[Required action]: Reproduce exactly the lines of this material that begin at the line with "this 1536×1152 image." and end at the line with "Some of the words", both included. Omit the pictures and everything else.
Start of Records to use
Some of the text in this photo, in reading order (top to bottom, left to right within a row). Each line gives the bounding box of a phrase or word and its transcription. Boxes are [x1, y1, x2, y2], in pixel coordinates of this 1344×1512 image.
End of Records to use
Start of Records to use
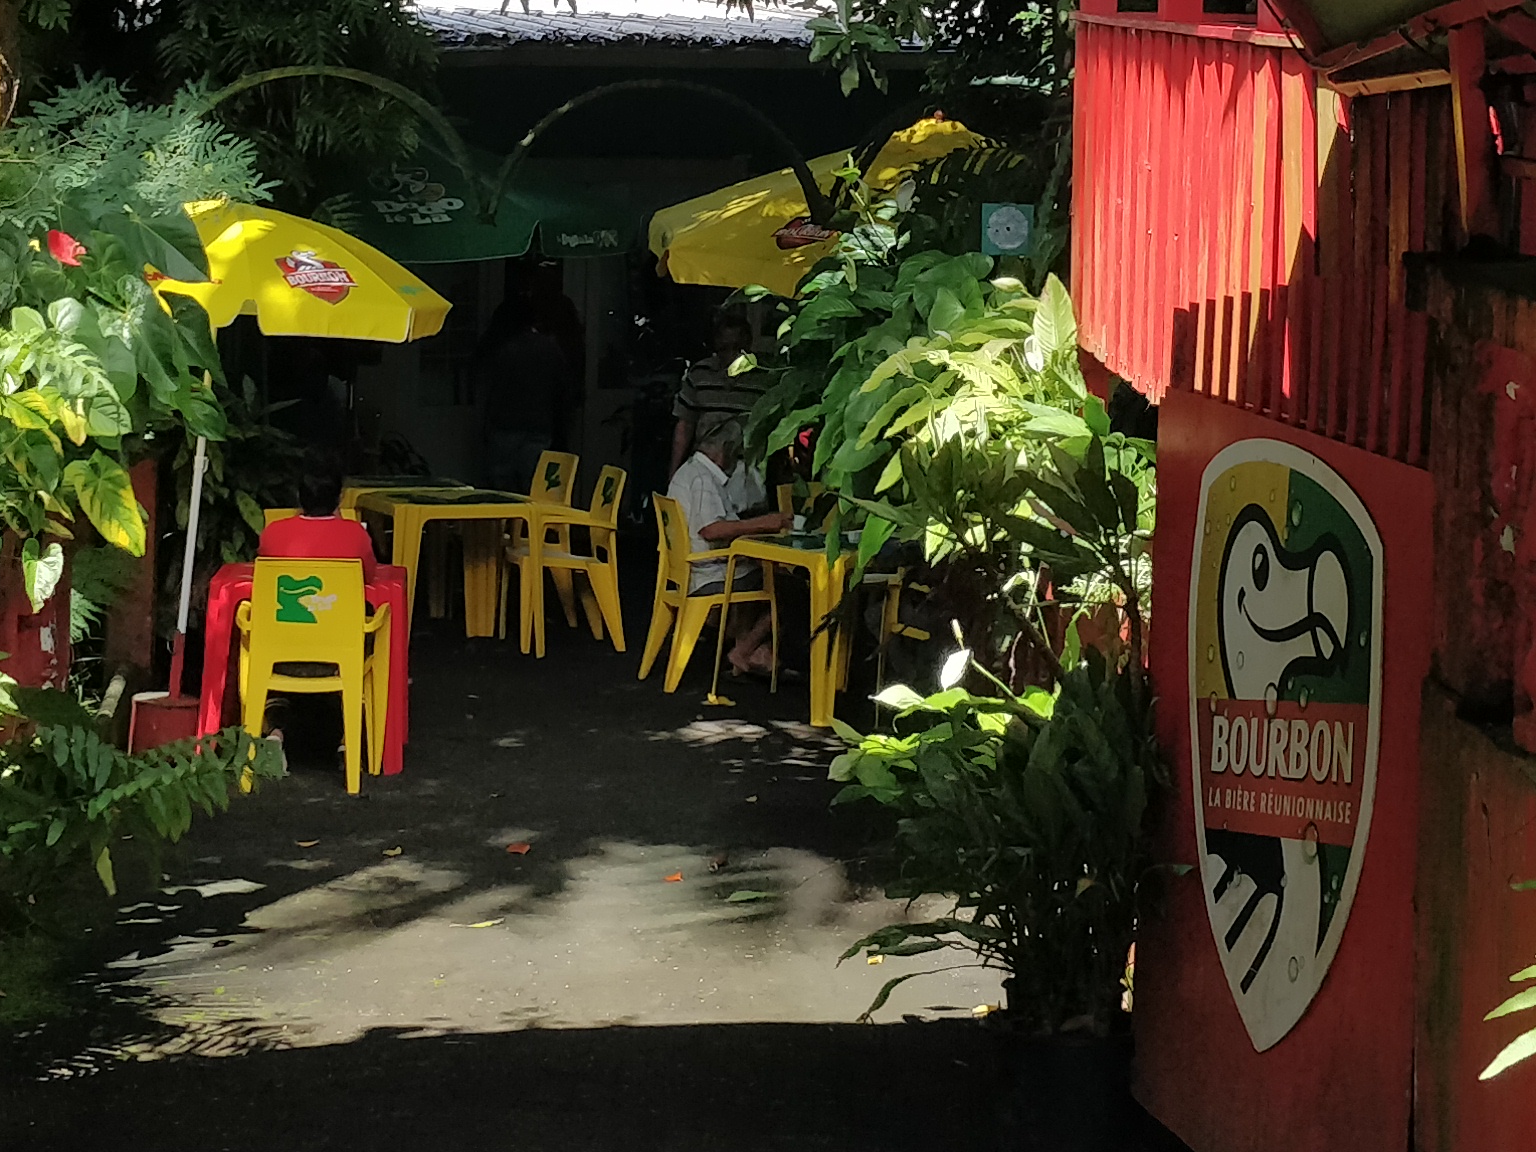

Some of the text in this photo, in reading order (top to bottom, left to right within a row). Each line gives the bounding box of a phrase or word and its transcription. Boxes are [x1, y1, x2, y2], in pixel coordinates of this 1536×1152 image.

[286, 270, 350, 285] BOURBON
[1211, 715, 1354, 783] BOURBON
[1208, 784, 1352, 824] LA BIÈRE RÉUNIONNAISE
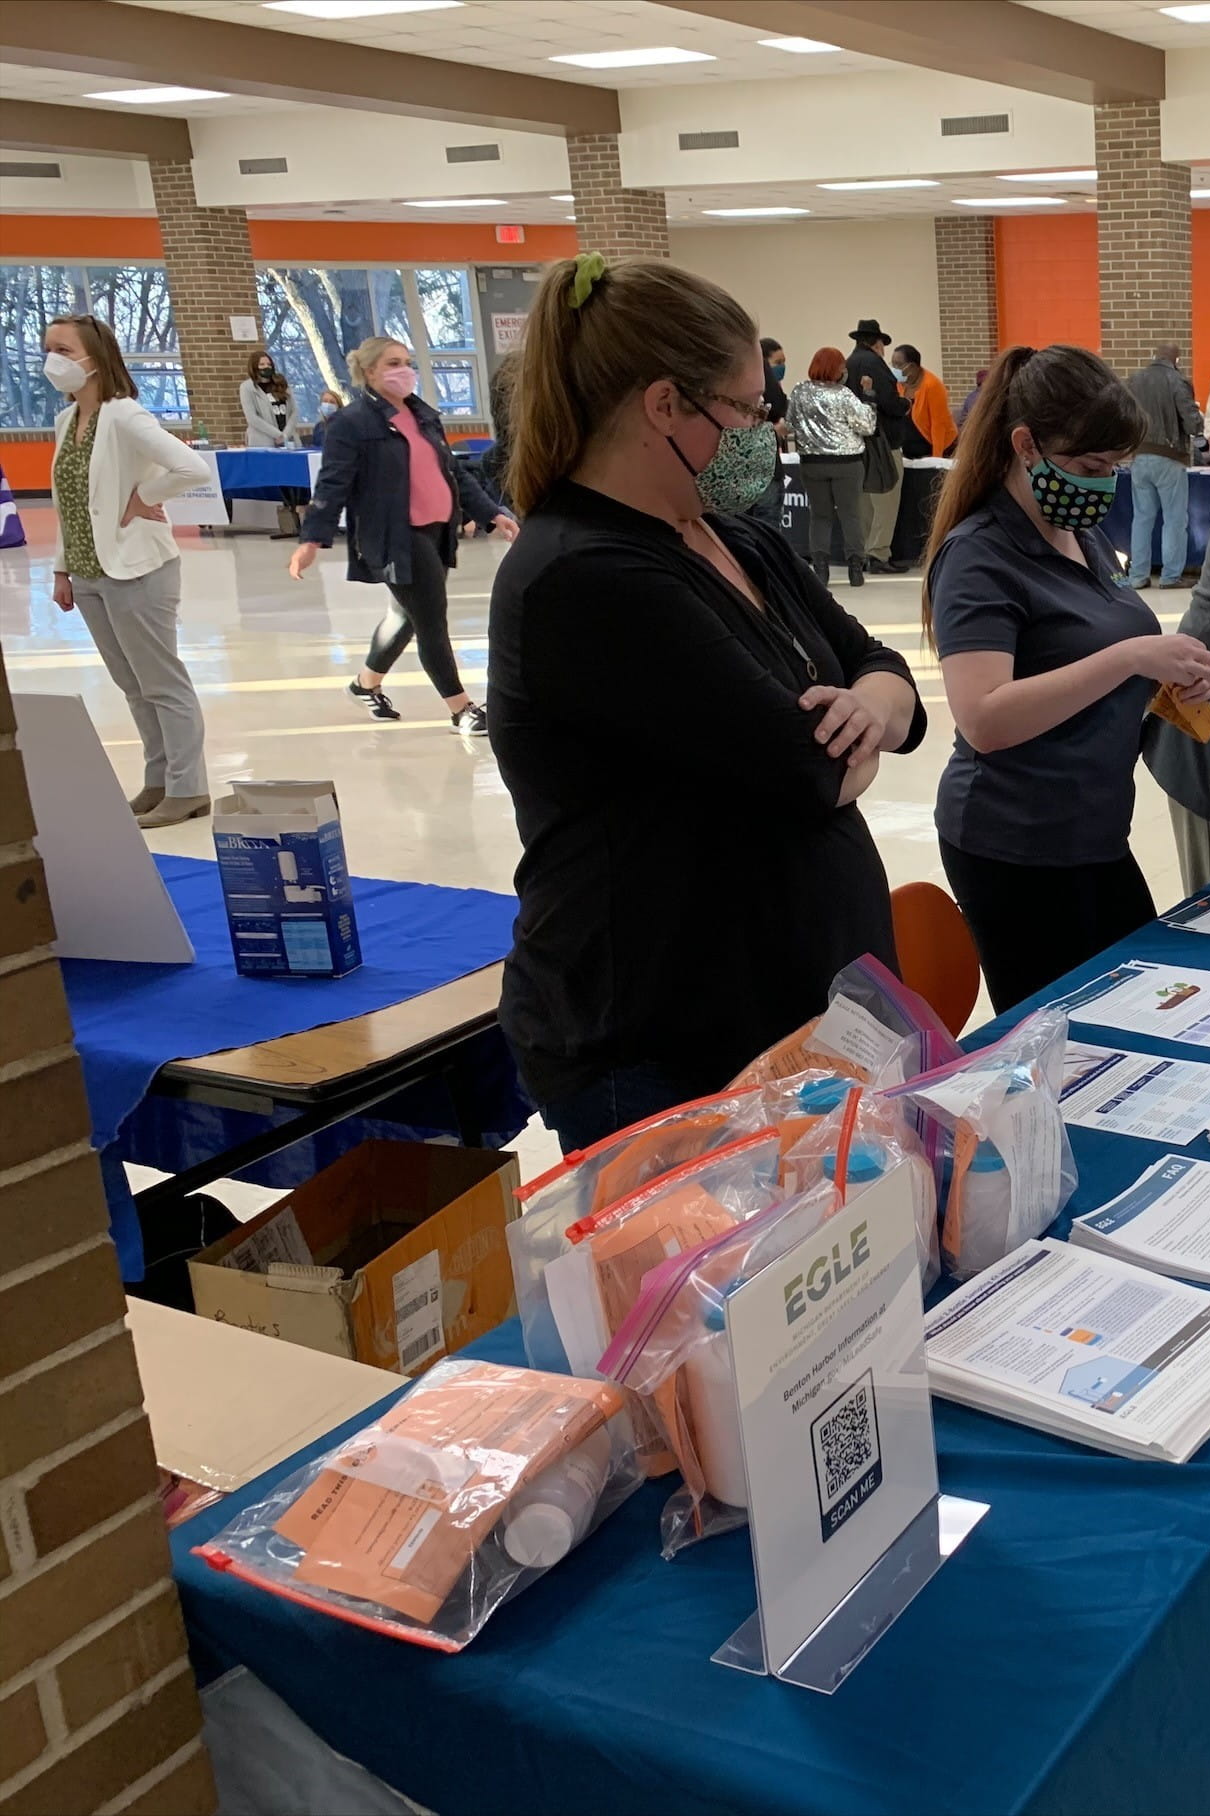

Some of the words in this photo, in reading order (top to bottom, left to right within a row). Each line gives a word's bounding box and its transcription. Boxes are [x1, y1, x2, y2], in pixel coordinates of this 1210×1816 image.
End of Records to use
[Solution to this task]:
Some of the text in this photo, in reading order (top to bottom, left to right within a row). Each line gives the bounding box of a phrase or word and its transcription. Boxes are [x1, y1, x2, y2], in pixel coordinates of this 1536×1152 image.

[286, 270, 350, 285] BOURBON
[1211, 715, 1354, 783] BOURBON
[1208, 784, 1352, 824] LA BIÈRE RÉUNIONNAISE

Some of the words in this photo, in reading order (top to bottom, left to right within a row). Each line gives a word's bounding box and its transcription. Boxes are [x1, y1, x2, y2], in pixel coordinates of this 1210×1816 image.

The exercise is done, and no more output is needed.